◆ **Problem statement**
Below are some lines of data. Return all of them as they are.

(Spatial localization data)
--------------------

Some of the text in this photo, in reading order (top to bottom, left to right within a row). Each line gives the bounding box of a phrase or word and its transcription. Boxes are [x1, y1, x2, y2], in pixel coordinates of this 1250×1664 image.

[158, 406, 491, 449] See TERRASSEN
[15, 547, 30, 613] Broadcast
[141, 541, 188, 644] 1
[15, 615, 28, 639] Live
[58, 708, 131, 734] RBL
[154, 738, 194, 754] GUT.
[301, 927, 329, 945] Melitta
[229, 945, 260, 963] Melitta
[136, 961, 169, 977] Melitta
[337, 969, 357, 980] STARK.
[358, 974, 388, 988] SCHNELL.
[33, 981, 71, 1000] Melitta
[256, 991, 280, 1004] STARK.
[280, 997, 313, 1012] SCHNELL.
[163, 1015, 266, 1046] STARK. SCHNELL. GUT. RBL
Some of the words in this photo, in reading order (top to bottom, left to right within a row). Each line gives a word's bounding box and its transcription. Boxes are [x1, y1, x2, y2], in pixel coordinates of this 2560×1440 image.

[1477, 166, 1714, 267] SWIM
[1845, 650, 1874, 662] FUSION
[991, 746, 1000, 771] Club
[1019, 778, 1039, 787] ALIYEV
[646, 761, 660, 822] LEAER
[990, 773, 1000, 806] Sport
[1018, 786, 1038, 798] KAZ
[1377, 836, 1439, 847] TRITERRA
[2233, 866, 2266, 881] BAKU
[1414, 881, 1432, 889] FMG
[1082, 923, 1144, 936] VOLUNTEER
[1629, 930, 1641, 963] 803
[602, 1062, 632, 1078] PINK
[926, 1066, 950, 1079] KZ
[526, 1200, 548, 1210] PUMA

--------------------

◆ **Solved problem**
Some of the text in this photo, in reading order (top to bottom, left to right within a row). Each line gives the bounding box of a phrase or word and its transcription. Boxes are [x1, y1, x2, y2], in pixel coordinates of this 1250×1664 image.

[158, 406, 491, 449] See TERRASSEN
[15, 547, 30, 613] Broadcast
[141, 541, 188, 644] 1
[15, 615, 28, 639] Live
[58, 708, 131, 734] RBL
[154, 738, 194, 754] GUT.
[301, 927, 329, 945] Melitta
[229, 945, 260, 963] Melitta
[136, 961, 169, 977] Melitta
[337, 969, 357, 980] STARK.
[358, 974, 388, 988] SCHNELL.
[33, 981, 71, 1000] Melitta
[256, 991, 280, 1004] STARK.
[280, 997, 313, 1012] SCHNELL.
[163, 1015, 266, 1046] STARK. SCHNELL. GUT. RBL
Some of the words in this photo, in reading order (top to bottom, left to right within a row). Each line gives a word's bounding box and its transcription. Boxes are [x1, y1, x2, y2], in pixel coordinates of this 2560×1440 image.

[1477, 166, 1714, 267] SWIM
[1845, 650, 1874, 662] FUSION
[991, 746, 1000, 771] Club
[1019, 778, 1039, 787] ALIYEV
[646, 761, 660, 822] LEAER
[990, 773, 1000, 806] Sport
[1018, 786, 1038, 798] KAZ
[1377, 836, 1439, 847] TRITERRA
[2233, 866, 2266, 881] BAKU
[1414, 881, 1432, 889] FMG
[1082, 923, 1144, 936] VOLUNTEER
[1629, 930, 1641, 963] 803
[602, 1062, 632, 1078] PINK
[926, 1066, 950, 1079] KZ
[526, 1200, 548, 1210] PUMA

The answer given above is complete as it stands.